Would you please write out the records below exactly as they appear?

╭─ DATA FOR REVIEW

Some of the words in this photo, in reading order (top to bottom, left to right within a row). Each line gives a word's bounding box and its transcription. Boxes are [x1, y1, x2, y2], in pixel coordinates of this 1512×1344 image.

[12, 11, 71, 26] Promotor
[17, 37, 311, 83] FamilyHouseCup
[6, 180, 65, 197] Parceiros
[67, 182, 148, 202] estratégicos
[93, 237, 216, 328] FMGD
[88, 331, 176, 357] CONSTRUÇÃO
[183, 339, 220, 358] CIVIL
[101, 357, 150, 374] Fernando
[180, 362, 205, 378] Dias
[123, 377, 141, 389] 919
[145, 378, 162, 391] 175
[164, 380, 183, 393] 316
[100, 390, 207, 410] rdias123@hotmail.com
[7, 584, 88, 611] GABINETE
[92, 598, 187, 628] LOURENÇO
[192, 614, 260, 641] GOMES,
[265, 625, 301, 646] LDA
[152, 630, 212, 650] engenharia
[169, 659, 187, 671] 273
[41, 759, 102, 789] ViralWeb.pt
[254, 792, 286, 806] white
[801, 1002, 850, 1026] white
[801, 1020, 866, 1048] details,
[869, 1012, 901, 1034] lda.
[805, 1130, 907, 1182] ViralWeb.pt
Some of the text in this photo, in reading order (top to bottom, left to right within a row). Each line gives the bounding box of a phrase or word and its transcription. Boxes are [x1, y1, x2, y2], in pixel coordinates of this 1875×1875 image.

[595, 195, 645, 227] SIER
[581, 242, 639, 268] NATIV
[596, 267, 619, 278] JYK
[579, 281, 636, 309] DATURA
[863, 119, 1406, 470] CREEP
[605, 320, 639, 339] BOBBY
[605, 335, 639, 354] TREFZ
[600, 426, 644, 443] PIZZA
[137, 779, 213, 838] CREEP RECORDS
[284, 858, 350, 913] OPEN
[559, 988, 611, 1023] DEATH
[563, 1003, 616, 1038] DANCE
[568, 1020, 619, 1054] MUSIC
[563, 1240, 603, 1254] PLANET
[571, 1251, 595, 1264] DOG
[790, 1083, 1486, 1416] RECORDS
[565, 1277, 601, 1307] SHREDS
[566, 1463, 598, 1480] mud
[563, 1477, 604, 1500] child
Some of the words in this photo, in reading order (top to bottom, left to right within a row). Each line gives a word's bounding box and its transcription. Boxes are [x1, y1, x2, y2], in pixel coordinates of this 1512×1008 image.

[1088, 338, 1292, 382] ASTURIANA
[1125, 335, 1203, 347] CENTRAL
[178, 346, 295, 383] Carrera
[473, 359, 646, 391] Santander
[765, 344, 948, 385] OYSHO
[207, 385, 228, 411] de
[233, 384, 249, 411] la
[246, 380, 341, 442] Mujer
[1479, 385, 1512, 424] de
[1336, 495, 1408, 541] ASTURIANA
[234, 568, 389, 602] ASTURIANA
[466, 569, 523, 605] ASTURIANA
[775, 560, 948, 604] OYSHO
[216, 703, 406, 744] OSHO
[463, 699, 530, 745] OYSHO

╰─

• **OUTPUT FOR THIS EXERCISE**:
Some of the words in this photo, in reading order (top to bottom, left to right within a row). Each line gives a word's bounding box and its transcription. Boxes are [x1, y1, x2, y2], in pixel coordinates of this 1512×1344 image.

[12, 11, 71, 26] Promotor
[17, 37, 311, 83] FamilyHouseCup
[6, 180, 65, 197] Parceiros
[67, 182, 148, 202] estratégicos
[93, 237, 216, 328] FMGD
[88, 331, 176, 357] CONSTRUÇÃO
[183, 339, 220, 358] CIVIL
[101, 357, 150, 374] Fernando
[180, 362, 205, 378] Dias
[123, 377, 141, 389] 919
[145, 378, 162, 391] 175
[164, 380, 183, 393] 316
[100, 390, 207, 410] rdias123@hotmail.com
[7, 584, 88, 611] GABINETE
[92, 598, 187, 628] LOURENÇO
[192, 614, 260, 641] GOMES,
[265, 625, 301, 646] LDA
[152, 630, 212, 650] engenharia
[169, 659, 187, 671] 273
[41, 759, 102, 789] ViralWeb.pt
[254, 792, 286, 806] white
[801, 1002, 850, 1026] white
[801, 1020, 866, 1048] details,
[869, 1012, 901, 1034] lda.
[805, 1130, 907, 1182] ViralWeb.pt
Some of the text in this photo, in reading order (top to bottom, left to right within a row). Each line gives the bounding box of a phrase or word and its transcription. Boxes are [x1, y1, x2, y2], in pixel coordinates of this 1875×1875 image.

[595, 195, 645, 227] SIER
[581, 242, 639, 268] NATIV
[596, 267, 619, 278] JYK
[579, 281, 636, 309] DATURA
[863, 119, 1406, 470] CREEP
[605, 320, 639, 339] BOBBY
[605, 335, 639, 354] TREFZ
[600, 426, 644, 443] PIZZA
[137, 779, 213, 838] CREEP RECORDS
[284, 858, 350, 913] OPEN
[559, 988, 611, 1023] DEATH
[563, 1003, 616, 1038] DANCE
[568, 1020, 619, 1054] MUSIC
[563, 1240, 603, 1254] PLANET
[571, 1251, 595, 1264] DOG
[790, 1083, 1486, 1416] RECORDS
[565, 1277, 601, 1307] SHREDS
[566, 1463, 598, 1480] mud
[563, 1477, 604, 1500] child
Some of the words in this photo, in reading order (top to bottom, left to right within a row). Each line gives a word's bounding box and its transcription. Boxes are [x1, y1, x2, y2], in pixel coordinates of this 1512×1008 image.

[1088, 338, 1292, 382] ASTURIANA
[1125, 335, 1203, 347] CENTRAL
[178, 346, 295, 383] Carrera
[473, 359, 646, 391] Santander
[765, 344, 948, 385] OYSHO
[207, 385, 228, 411] de
[233, 384, 249, 411] la
[246, 380, 341, 442] Mujer
[1479, 385, 1512, 424] de
[1336, 495, 1408, 541] ASTURIANA
[234, 568, 389, 602] ASTURIANA
[466, 569, 523, 605] ASTURIANA
[775, 560, 948, 604] OYSHO
[216, 703, 406, 744] OSHO
[463, 699, 530, 745] OYSHO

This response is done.